DATA TO PROCESS →
"""

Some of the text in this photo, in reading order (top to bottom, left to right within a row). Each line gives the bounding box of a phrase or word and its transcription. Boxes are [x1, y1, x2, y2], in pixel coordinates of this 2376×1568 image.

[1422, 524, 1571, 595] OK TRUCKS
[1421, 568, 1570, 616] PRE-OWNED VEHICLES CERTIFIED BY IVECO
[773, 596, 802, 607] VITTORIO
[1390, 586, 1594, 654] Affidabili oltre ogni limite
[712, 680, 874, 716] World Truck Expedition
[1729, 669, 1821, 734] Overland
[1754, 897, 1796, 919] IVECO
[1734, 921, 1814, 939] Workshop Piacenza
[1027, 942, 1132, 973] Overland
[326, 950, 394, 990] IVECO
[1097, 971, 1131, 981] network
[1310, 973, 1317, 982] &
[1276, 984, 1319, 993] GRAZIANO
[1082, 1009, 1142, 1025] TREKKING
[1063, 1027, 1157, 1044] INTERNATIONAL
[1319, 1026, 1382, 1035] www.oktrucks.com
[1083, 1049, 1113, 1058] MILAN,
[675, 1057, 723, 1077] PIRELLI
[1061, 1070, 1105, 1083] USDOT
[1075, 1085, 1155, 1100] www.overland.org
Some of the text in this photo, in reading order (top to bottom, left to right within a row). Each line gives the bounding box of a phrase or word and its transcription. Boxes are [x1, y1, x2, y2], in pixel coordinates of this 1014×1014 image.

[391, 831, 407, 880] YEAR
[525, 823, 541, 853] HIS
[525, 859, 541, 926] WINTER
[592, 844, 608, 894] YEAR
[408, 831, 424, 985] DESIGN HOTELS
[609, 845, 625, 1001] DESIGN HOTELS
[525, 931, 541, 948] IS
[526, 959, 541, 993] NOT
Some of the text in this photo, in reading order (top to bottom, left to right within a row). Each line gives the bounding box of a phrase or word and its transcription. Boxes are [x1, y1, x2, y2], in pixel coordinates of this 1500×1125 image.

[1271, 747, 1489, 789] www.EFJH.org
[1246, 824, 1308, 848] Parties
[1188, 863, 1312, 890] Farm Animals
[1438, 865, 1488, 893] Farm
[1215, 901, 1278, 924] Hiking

"""

TASK REQUIREMENTS → Send back each record exactly, and include them all.

SOLUTION FOR THIS EXERCISE →
Some of the text in this photo, in reading order (top to bottom, left to right within a row). Each line gives the bounding box of a phrase or word and its transcription. Boxes are [x1, y1, x2, y2], in pixel coordinates of this 2376×1568 image.

[1422, 524, 1571, 595] OK TRUCKS
[1421, 568, 1570, 616] PRE-OWNED VEHICLES CERTIFIED BY IVECO
[773, 596, 802, 607] VITTORIO
[1390, 586, 1594, 654] Affidabili oltre ogni limite
[712, 680, 874, 716] World Truck Expedition
[1729, 669, 1821, 734] Overland
[1754, 897, 1796, 919] IVECO
[1734, 921, 1814, 939] Workshop Piacenza
[1027, 942, 1132, 973] Overland
[326, 950, 394, 990] IVECO
[1097, 971, 1131, 981] network
[1310, 973, 1317, 982] &
[1276, 984, 1319, 993] GRAZIANO
[1082, 1009, 1142, 1025] TREKKING
[1063, 1027, 1157, 1044] INTERNATIONAL
[1319, 1026, 1382, 1035] www.oktrucks.com
[1083, 1049, 1113, 1058] MILAN,
[675, 1057, 723, 1077] PIRELLI
[1061, 1070, 1105, 1083] USDOT
[1075, 1085, 1155, 1100] www.overland.org
Some of the text in this photo, in reading order (top to bottom, left to right within a row). Each line gives the bounding box of a phrase or word and its transcription. Boxes are [x1, y1, x2, y2], in pixel coordinates of this 1014×1014 image.

[391, 831, 407, 880] YEAR
[525, 823, 541, 853] HIS
[525, 859, 541, 926] WINTER
[592, 844, 608, 894] YEAR
[408, 831, 424, 985] DESIGN HOTELS
[609, 845, 625, 1001] DESIGN HOTELS
[525, 931, 541, 948] IS
[526, 959, 541, 993] NOT
Some of the text in this photo, in reading order (top to bottom, left to right within a row). Each line gives the bounding box of a phrase or word and its transcription. Boxes are [x1, y1, x2, y2], in pixel coordinates of this 1500×1125 image.

[1271, 747, 1489, 789] www.EFJH.org
[1246, 824, 1308, 848] Parties
[1188, 863, 1312, 890] Farm Animals
[1438, 865, 1488, 893] Farm
[1215, 901, 1278, 924] Hiking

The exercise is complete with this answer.